→ **Task to carry out**
Would you give again, exactly, the lines running from the line with "this 1500×1125 image." to the end of the data below, both included?

→ **Provided entries**
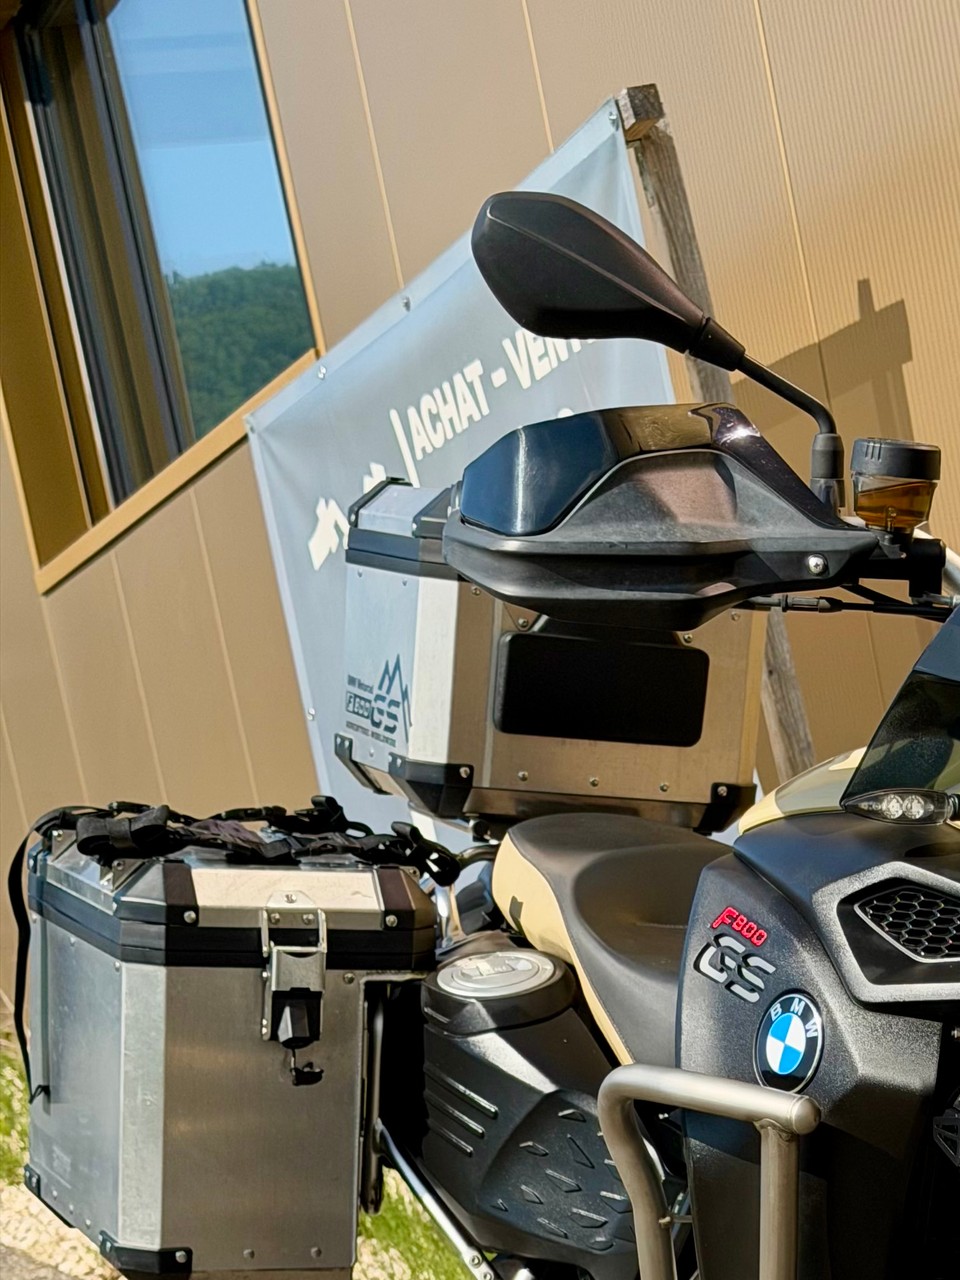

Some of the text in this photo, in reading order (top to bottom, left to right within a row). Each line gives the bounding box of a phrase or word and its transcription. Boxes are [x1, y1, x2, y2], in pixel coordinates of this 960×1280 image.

[407, 358, 490, 460] ACHAT
[502, 329, 592, 390] VEN
[712, 906, 768, 946] F800
[693, 933, 776, 1003] GS
[770, 997, 818, 1038] BMW
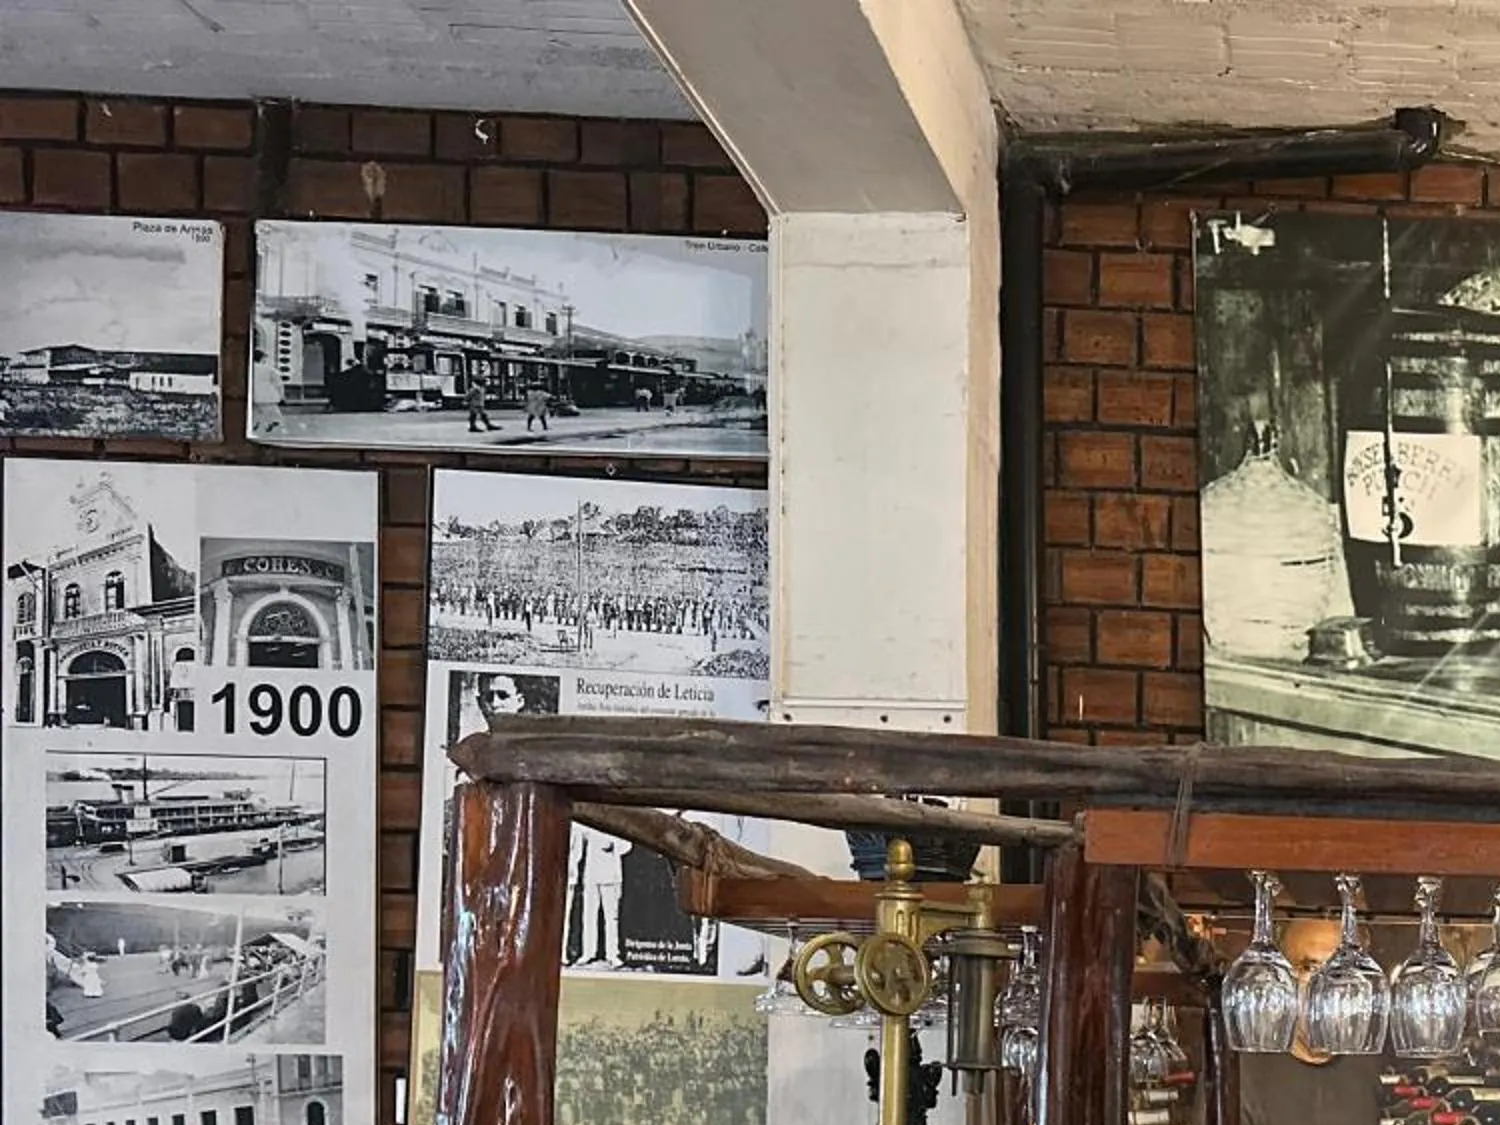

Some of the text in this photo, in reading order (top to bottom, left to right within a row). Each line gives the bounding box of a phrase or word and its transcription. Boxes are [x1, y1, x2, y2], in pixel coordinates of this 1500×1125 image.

[132, 221, 162, 233] Plaza
[243, 557, 312, 574] COHEN
[576, 677, 715, 702] Recuperación de Leticia
[211, 682, 362, 738] 1900

→ **Response to the task**
Some of the text in this photo, in reading order (top to bottom, left to right within a row). Each line gives the bounding box of a phrase or word and its transcription. Boxes are [x1, y1, x2, y2], in pixel coordinates of this 1500×1125 image.

[132, 221, 162, 233] Plaza
[243, 557, 312, 574] COHEN
[576, 677, 715, 702] Recuperación de Leticia
[211, 682, 362, 738] 1900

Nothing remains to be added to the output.